Last updated: 11-Mar-2024

Warehouse vs SQL analytics endpoint in Microsoft Fabric [3]

[Microsoft Fabric] Warehouse

{def} highly available relational data warehouse that can be used to store and query data in the Lakehouse

supports the full transactional T-SQL capabilities
modernized version of the traditional data warehouse
unifies capabilities from Synapse Dedicated and Serverless SQL Pools

resources are managed elastically to provide the best possible performance

⇒ no need to think about indexing or distribution
a new parser gives enhanced CSV file ingestion time
metadata is cached in addition to data
improved assignment of compute resources to milliseconds
multi-TB result sets are streamed to the client

leverages a distributed query processing engine

provides with workloads that have a natural isolation boundary [3]

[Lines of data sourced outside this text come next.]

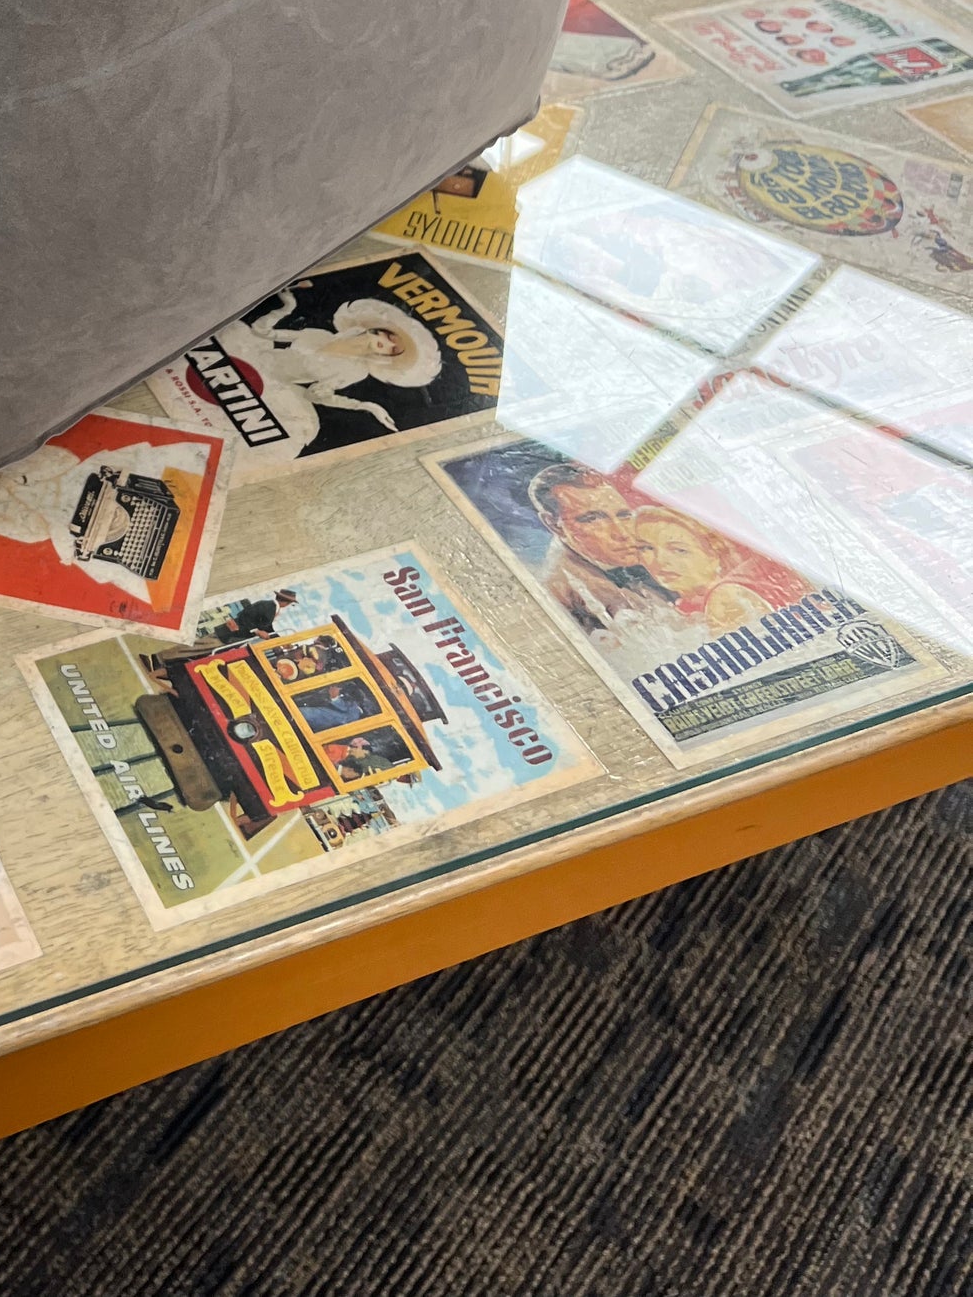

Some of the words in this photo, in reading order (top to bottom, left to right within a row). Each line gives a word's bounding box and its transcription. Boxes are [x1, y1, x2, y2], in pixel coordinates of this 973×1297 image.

[828, 194, 860, 216] 80
[170, 374, 191, 400] ROSSI
[184, 339, 281, 441] ARTINI
[383, 565, 437, 624] San
[423, 610, 555, 768] Francisco
[631, 586, 869, 713] CASABLANCA
[58, 662, 120, 751] UNITED
[110, 758, 149, 806] AIR
[137, 811, 196, 892] LINES

true isolation is achieved by separating workloads with different characteristics, ensuring that ETL jobs never interfere with their ad hoc analytics and reporting workloads [3]

{operation} data ingestion

involves moving data from source systems into the data warehouse [2]

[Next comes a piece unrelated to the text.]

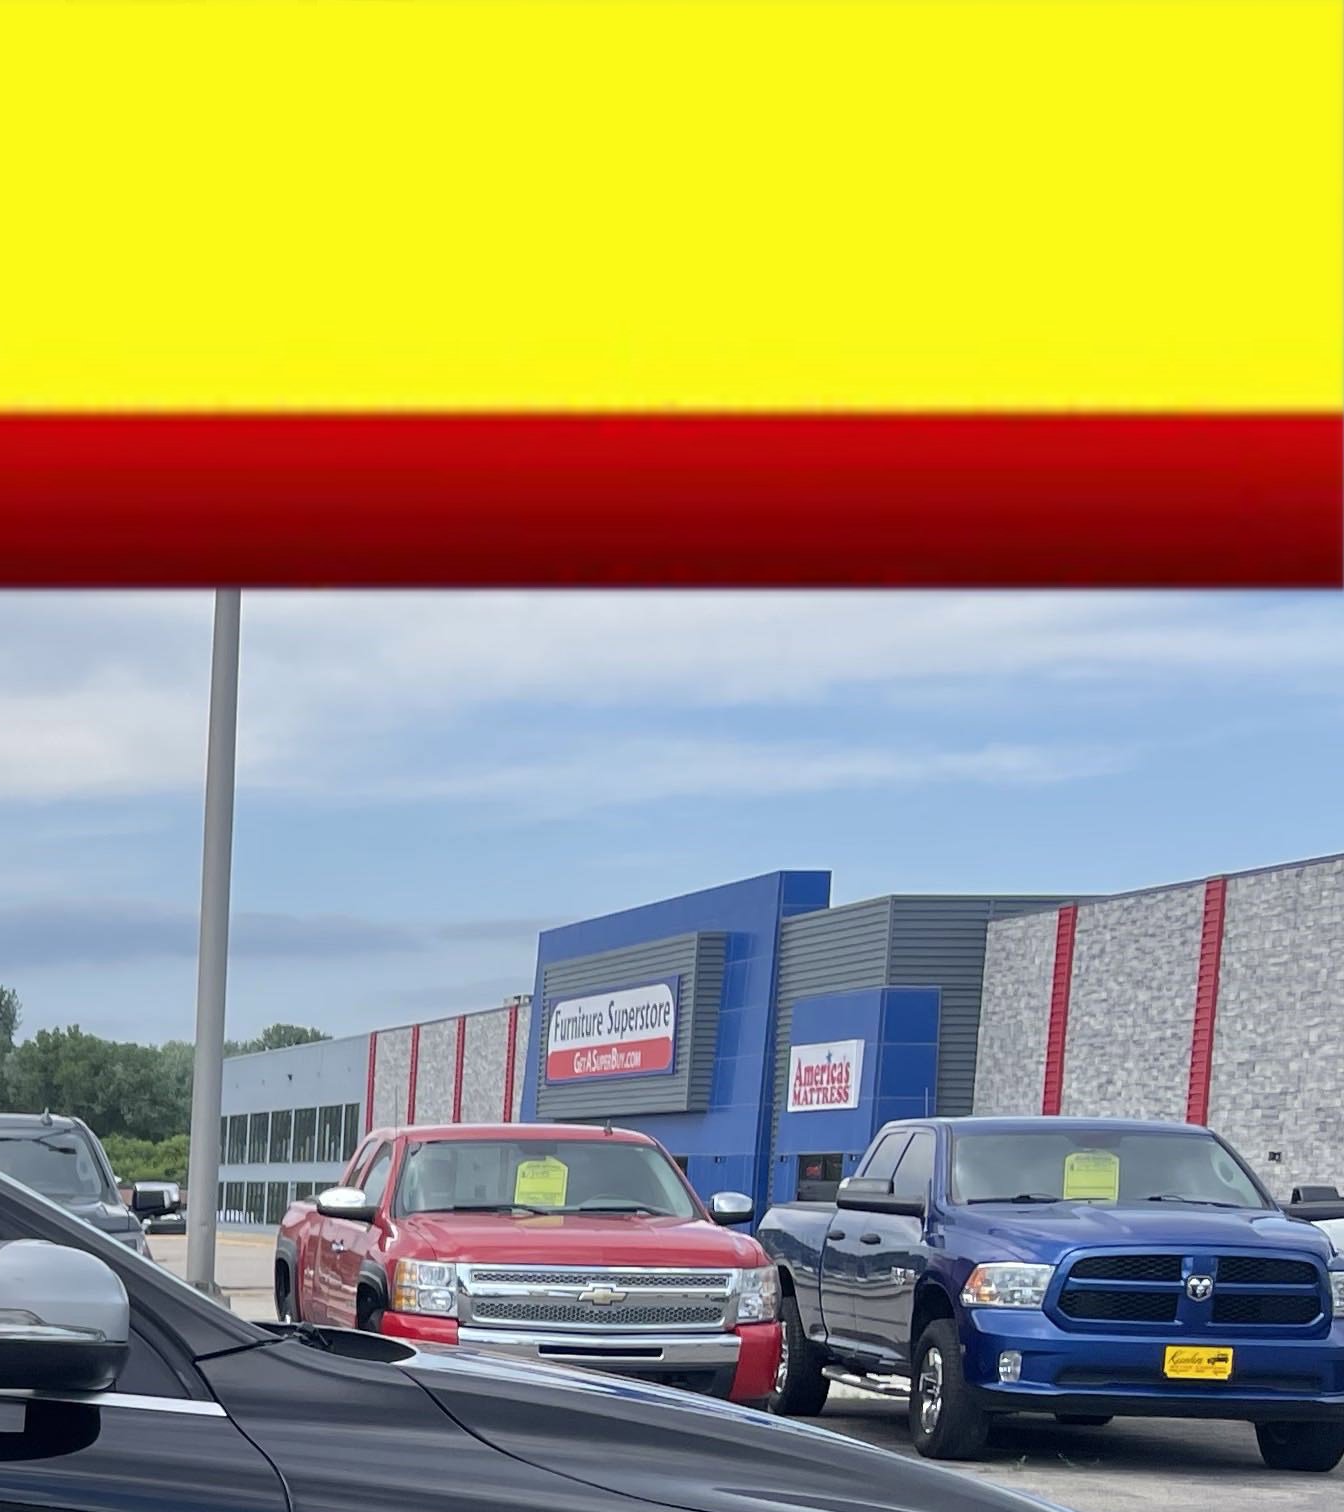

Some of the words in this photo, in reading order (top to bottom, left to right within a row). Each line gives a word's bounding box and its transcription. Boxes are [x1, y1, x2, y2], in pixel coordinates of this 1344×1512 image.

[554, 1005, 603, 1042] Furniture
[607, 999, 670, 1039] Superstore
[792, 1085, 850, 1107] MATTRESS

the data becomes available for analysis [1]

via Pipelines, Dataflows, cross-database querying, COPY INTO command
no need to copy data from the lakehouse to the data warehouse [1]

one can query data in the lakehouse directly from the data warehouse using cross-database querying [1]

{operation} data storage

involves storing the data in a format that is optimized for analytics [2]

{operation} data processing

involves transforming the data into a format that is ready for consumption by analytical tools [1]

{operation} data analysis and delivery

involves analyzing the data to gain insights and delivering those insights to the business [1]

{operation} designing a warehouse (aka warehouse design)

standard warehouse design can be used

{operation} sharing a warehouse (aka warehouse sharing)

a way to provide users read access to the warehouse for downstream consumption

via SQL, Spark, or Power BI

the level of permissions can be customized to provide the appropriate level of access

{feature} mirroring

provides a modern way of accessing and ingesting data continuously and seamlessly from any database or data warehouse into the Data Warehousing experience in Fabric

any database can be accessed and managed centrally from within Fabric without having to switch database clients
data is replicated in a reliable way in real-time and lands as Delta tables for consumption in any Fabric workload

{feature} v-order

write time optimization to the parquet file format that enables lightning-fast reads under the MF compute engine [5]

{feature} caching

stores frequently accessed data and metadata in a faster storage layer [6]

{feature} snapshots

{def} read-only representation of a warehouse at a specific point in time [7]

{feature} automatic purging

routinely and systematically eliminating expired data periodically [8]
{benefit} proactively helps maintain an efficient and cost-effective data infrastructure [8]

via garbage collection

background process, that periodically identifies and cleans [8]

all the data and log files of dropped tables
aborted transactions
temporary tables
expired files

executes every 24 hours, when the warehouse is active [8]
ensures the data warehouse remains optimized and efficient [8]

{goal} storage cost optimization
{goal} minimize maintenance overhead
{goal} adhering to data retention regulations

{concept} SQL analytics endpoint

a warehouse that is automatically generated from a Lakehouse in Microsoft Fabric [3]

{concept} virtual warehouse

can containing data from virtually any source by using shortcuts [3]

{concept} cross database querying

enables to quickly and seamlessly leverage multiple data sources for fast insights and with zero data duplication [3]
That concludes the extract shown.